Please output all of the entries exactly and omit any images they hold.

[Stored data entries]
··········
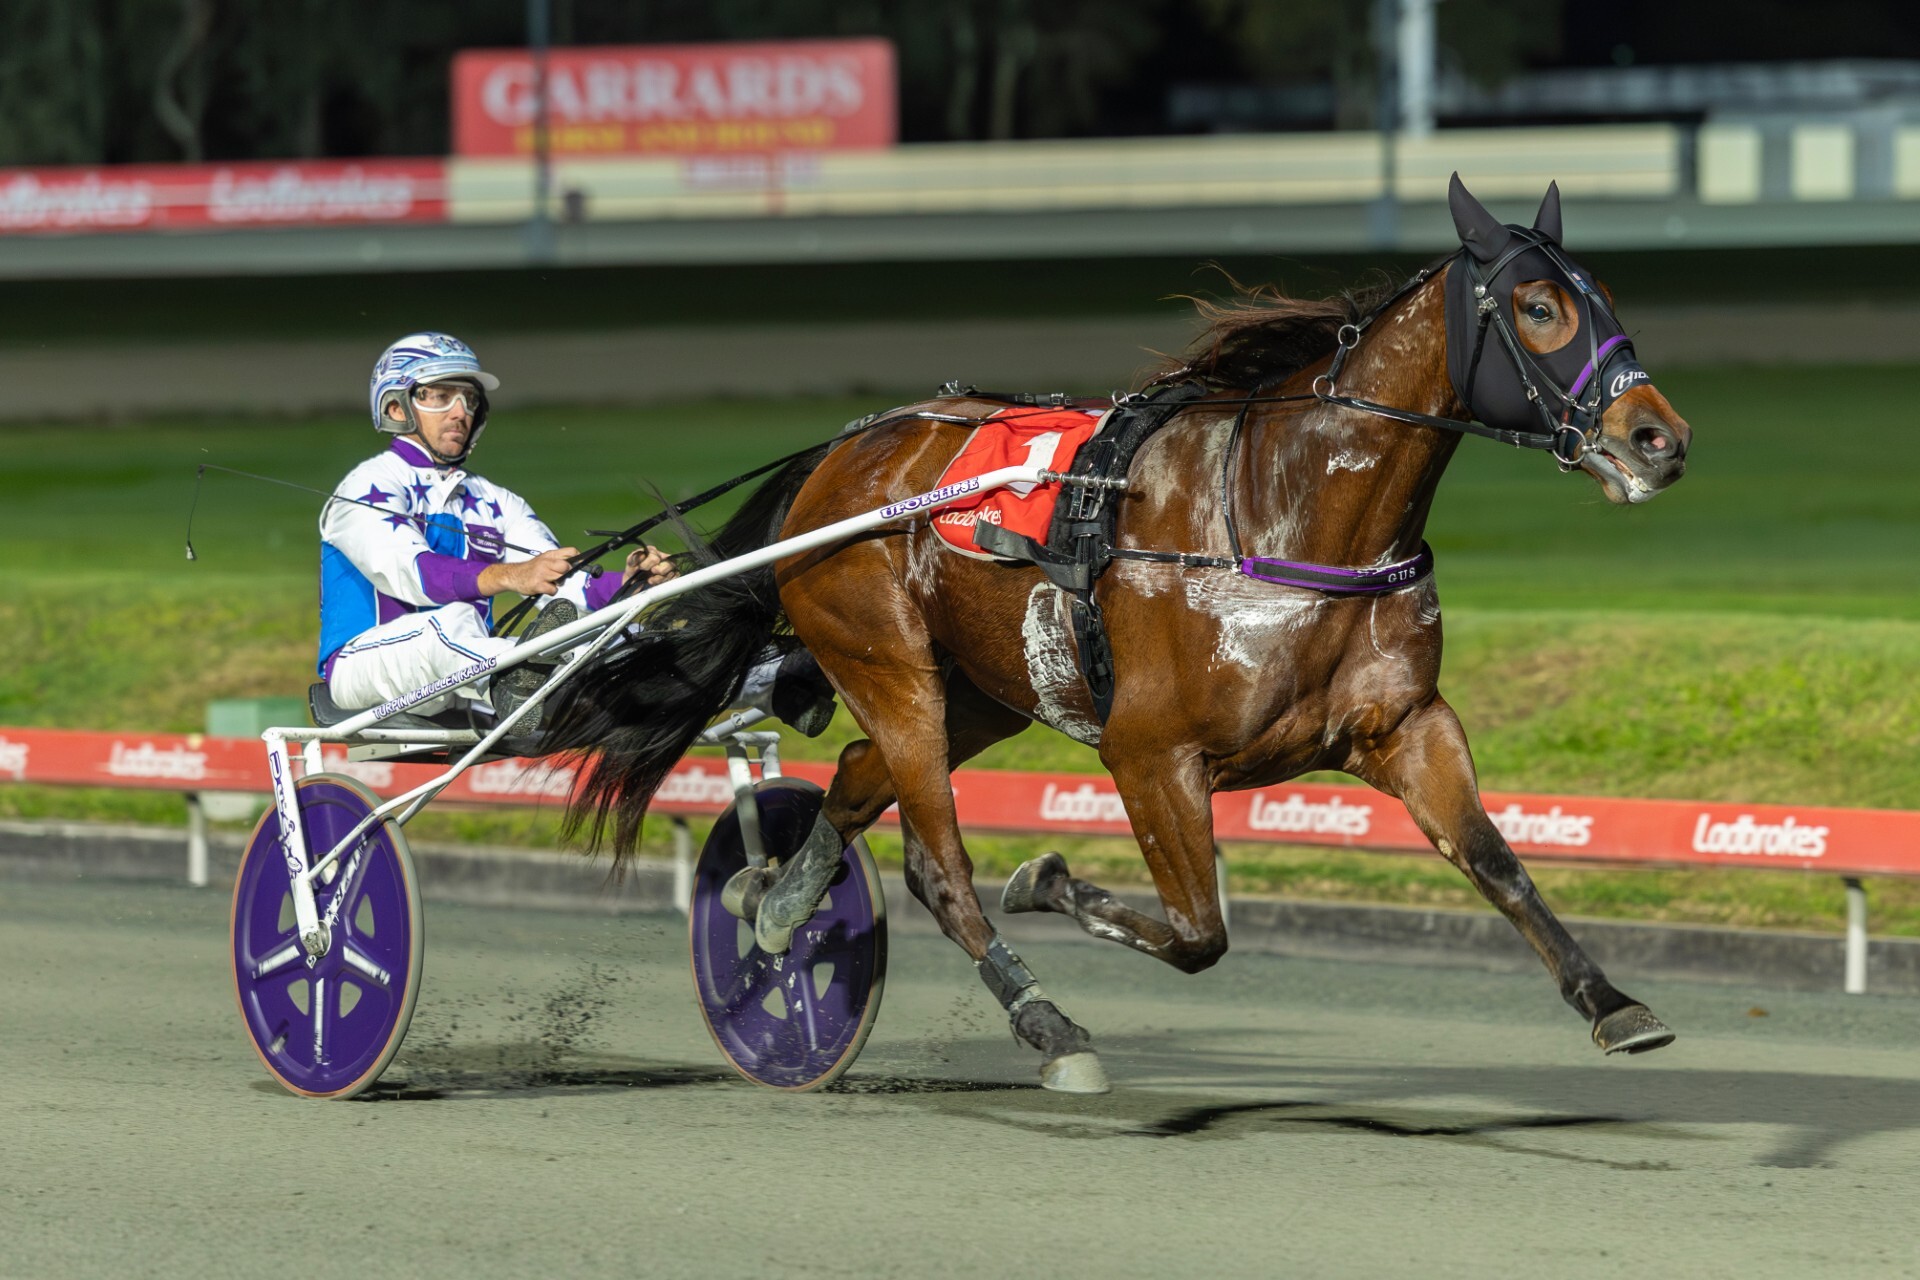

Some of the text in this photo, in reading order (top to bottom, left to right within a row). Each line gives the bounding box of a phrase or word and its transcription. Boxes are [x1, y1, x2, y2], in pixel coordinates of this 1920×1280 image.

[481, 54, 866, 126] GARRARDS
[1011, 431, 1063, 499] 1
[1388, 566, 1416, 583] GUS
[373, 695, 408, 719] TURPIN
[459, 655, 498, 681] RACING
[1247, 794, 1374, 836] Ladbrokes
[1692, 812, 1830, 858] Ladbrokes
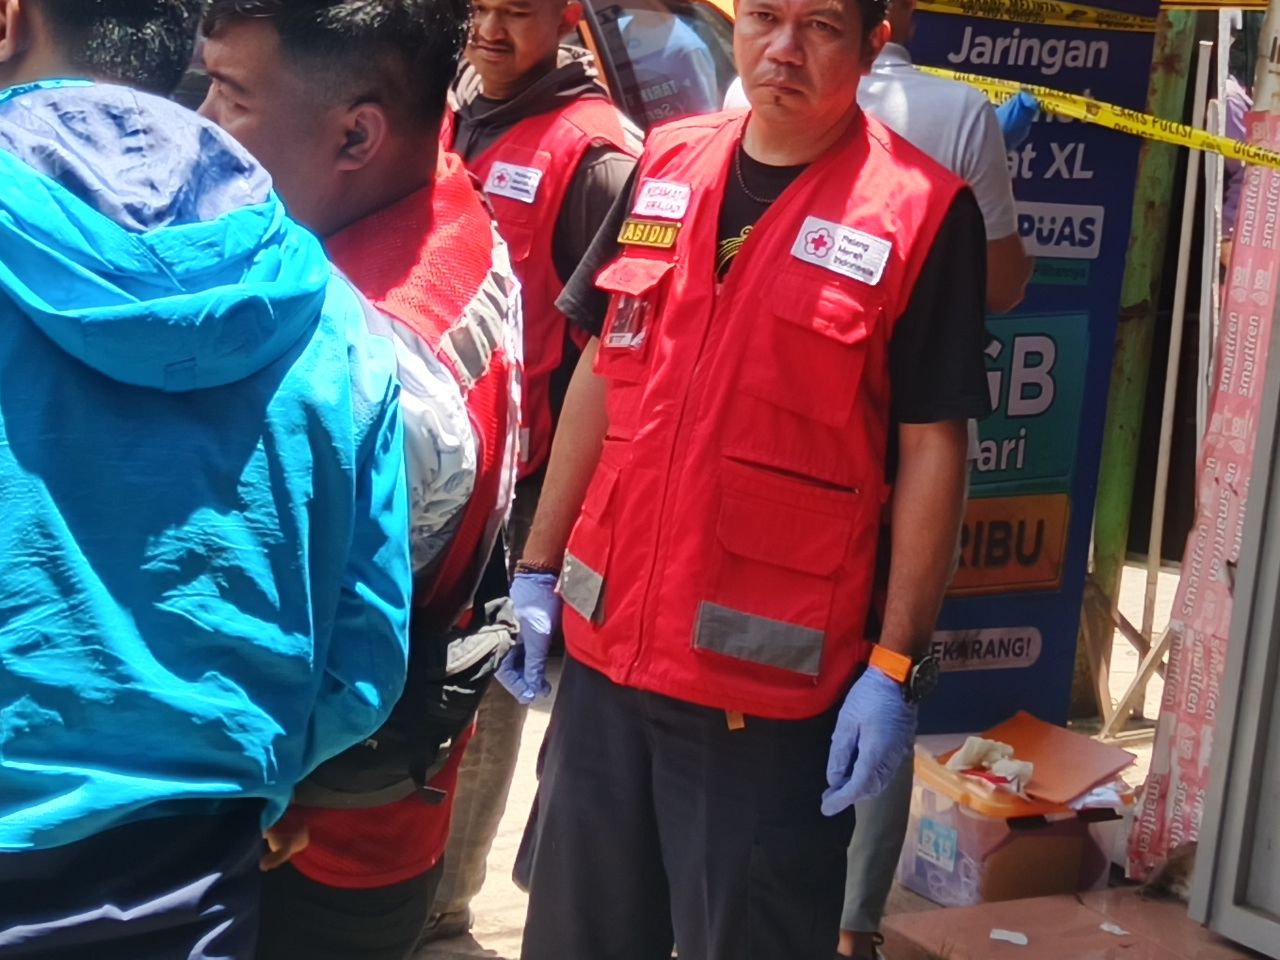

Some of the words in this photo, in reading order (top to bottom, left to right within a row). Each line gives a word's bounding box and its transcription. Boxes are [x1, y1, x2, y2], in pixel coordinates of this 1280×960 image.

[947, 26, 1109, 76] Jaringan
[1007, 143, 1037, 179] at
[1043, 142, 1095, 179] XL
[1238, 315, 1261, 398] smartfren
[968, 420, 1027, 473] ari
[930, 637, 1032, 661] EKARANG!
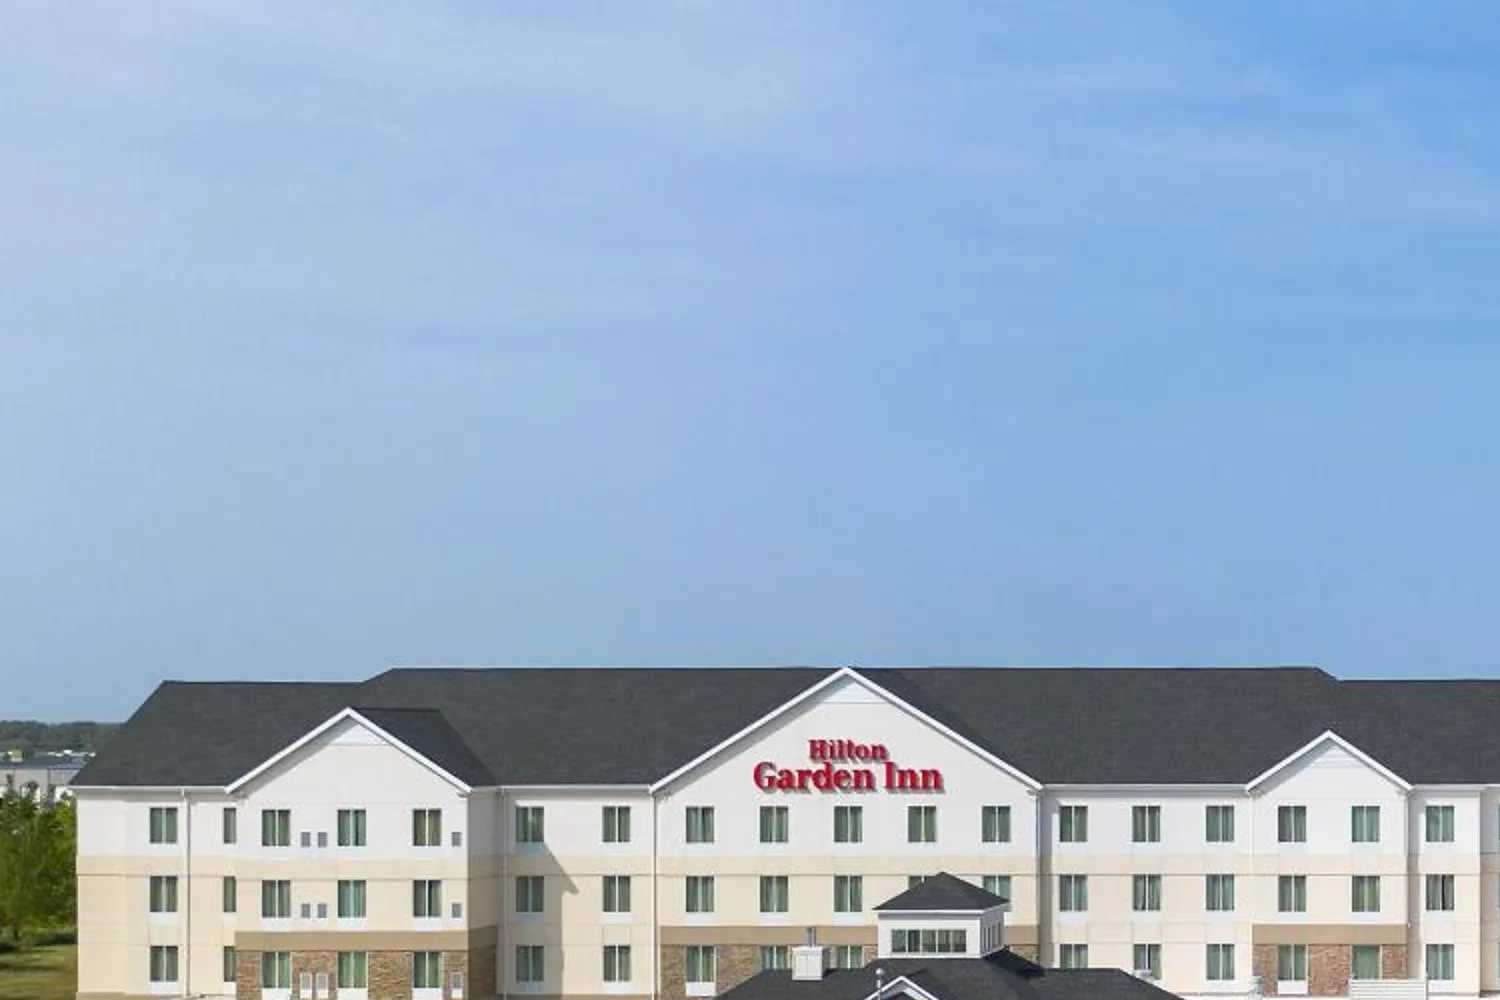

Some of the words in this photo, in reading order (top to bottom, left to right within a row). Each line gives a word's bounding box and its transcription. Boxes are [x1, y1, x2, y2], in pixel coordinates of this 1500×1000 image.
··········
- [Answer to the exercise]
Some of the text in this photo, in reading order (top to bottom, left to right within a row). Each line gives the bounding box of a phrase or word and its transcription. Boxes are [x1, y1, x2, y2], in pixel coordinates of this 1920×1280 image.

[481, 54, 866, 126] GARRARDS
[1011, 431, 1063, 499] 1
[1388, 566, 1416, 583] GUS
[373, 695, 408, 719] TURPIN
[459, 655, 498, 681] RACING
[1247, 794, 1374, 836] Ladbrokes
[1692, 812, 1830, 858] Ladbrokes

Some of the words in this photo, in reading order (top to bottom, left to right within a row). Each line gives a word's bounding box and its transcription. Boxes are [x1, y1, x2, y2], in pixel coordinates of this 1280×960 image.

[947, 26, 1109, 76] Jaringan
[1007, 143, 1037, 179] at
[1043, 142, 1095, 179] XL
[1238, 315, 1261, 398] smartfren
[968, 420, 1027, 473] ari
[930, 637, 1032, 661] EKARANG!

Some of the words in this photo, in reading order (top to bottom, left to right within a row). Each line gives a word's bounding box and its transcription. Boxes are [x1, y1, x2, y2], in pixel coordinates of this 1500×1000 image.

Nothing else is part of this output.